Quais as variedades de azeitona com maior expressão em Portugal?

As variedades de azeitona com maior expressão no país são a Galega e a Cobrançosa. A Cobrançosa está maioritariamente a norte, sendo uma variedade de Trás-os-Montes. No entanto, pela sua qualidade e capacidade diferenciadora em afinar lotes, permitindo que os azeites estejam estáveis ao longo do tempo, está a espalhar-se por todo o país, explica Edgardo Pacheco, jornalista e autor do livro “Os 100 Melhores Azeites de Portugal”. “Não há ninguém que considere plantar um olival sem Cobrançosa, é como o Arinto no vinho.” A Cobrançosa dá notas verdes, amargas e picantes ao azeites. Já a Galega encontra a sua expressão máxima no sul do país — Alentejo, Ribatejo e Beiras —, embora esteja também ela espalhada um pouco por todo o lado. Dá origem a azeites mais suaves e, considerando a categoria de concursos, a azeites maduros.
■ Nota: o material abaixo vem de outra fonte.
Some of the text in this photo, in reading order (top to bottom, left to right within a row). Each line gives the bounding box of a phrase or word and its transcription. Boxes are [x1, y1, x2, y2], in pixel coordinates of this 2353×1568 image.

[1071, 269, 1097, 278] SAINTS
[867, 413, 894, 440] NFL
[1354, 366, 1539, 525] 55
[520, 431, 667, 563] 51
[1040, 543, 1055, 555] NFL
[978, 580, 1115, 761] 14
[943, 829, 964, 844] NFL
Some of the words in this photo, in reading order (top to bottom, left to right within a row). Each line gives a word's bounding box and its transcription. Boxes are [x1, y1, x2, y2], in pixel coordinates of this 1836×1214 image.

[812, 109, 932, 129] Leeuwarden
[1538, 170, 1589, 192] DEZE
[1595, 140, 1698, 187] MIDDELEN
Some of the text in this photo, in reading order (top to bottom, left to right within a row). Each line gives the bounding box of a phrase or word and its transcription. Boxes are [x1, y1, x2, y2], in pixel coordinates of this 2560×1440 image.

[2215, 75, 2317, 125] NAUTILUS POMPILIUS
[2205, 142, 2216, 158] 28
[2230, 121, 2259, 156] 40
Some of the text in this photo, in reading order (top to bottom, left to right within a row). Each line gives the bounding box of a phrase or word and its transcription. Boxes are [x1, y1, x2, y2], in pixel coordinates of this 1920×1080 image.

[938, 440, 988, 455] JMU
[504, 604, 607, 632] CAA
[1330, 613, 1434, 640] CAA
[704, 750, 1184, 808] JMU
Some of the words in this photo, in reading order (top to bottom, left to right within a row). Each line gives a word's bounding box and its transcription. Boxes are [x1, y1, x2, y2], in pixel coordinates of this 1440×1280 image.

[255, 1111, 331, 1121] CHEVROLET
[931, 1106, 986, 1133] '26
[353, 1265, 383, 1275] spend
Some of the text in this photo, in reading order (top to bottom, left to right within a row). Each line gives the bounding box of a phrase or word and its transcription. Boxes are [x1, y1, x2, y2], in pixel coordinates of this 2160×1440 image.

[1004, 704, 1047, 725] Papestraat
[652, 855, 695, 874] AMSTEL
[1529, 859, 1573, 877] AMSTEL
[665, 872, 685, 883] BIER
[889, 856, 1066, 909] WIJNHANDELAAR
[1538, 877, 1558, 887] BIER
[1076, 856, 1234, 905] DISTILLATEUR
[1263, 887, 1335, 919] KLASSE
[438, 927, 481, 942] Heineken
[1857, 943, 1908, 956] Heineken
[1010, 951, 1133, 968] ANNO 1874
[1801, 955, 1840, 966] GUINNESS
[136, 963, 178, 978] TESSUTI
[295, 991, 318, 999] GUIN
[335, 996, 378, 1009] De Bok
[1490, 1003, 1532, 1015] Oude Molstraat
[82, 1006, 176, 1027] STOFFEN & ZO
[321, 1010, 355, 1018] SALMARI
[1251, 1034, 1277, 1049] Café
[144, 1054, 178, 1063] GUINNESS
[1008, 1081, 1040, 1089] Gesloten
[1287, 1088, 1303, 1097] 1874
A Galega, quando bem cuidada e apanhada cedo, “dá azeites muito perfumados, com notas de maçã muito pronunciadas, alguma banana e notas florais”.

Que tipo de azeites existem?

Existem três tipos de azeites, explica Tomás Jónatas, diretor industrial do Santa Vitória Vila Galé e responsável pelos azeites aí produzidos. São eles o azeite virgem extra, sem defeitos e com uma acidez entre 0 e 0,8%; o azeite virgem, com defeitos ligeiros mais notórios para um provador experiente do que para o consumidor habitual, sendo que a acidez vai dos 0,8 aos 2%; e o azeite lampante, com uma acidez superior a 2% e defeitos acentuados.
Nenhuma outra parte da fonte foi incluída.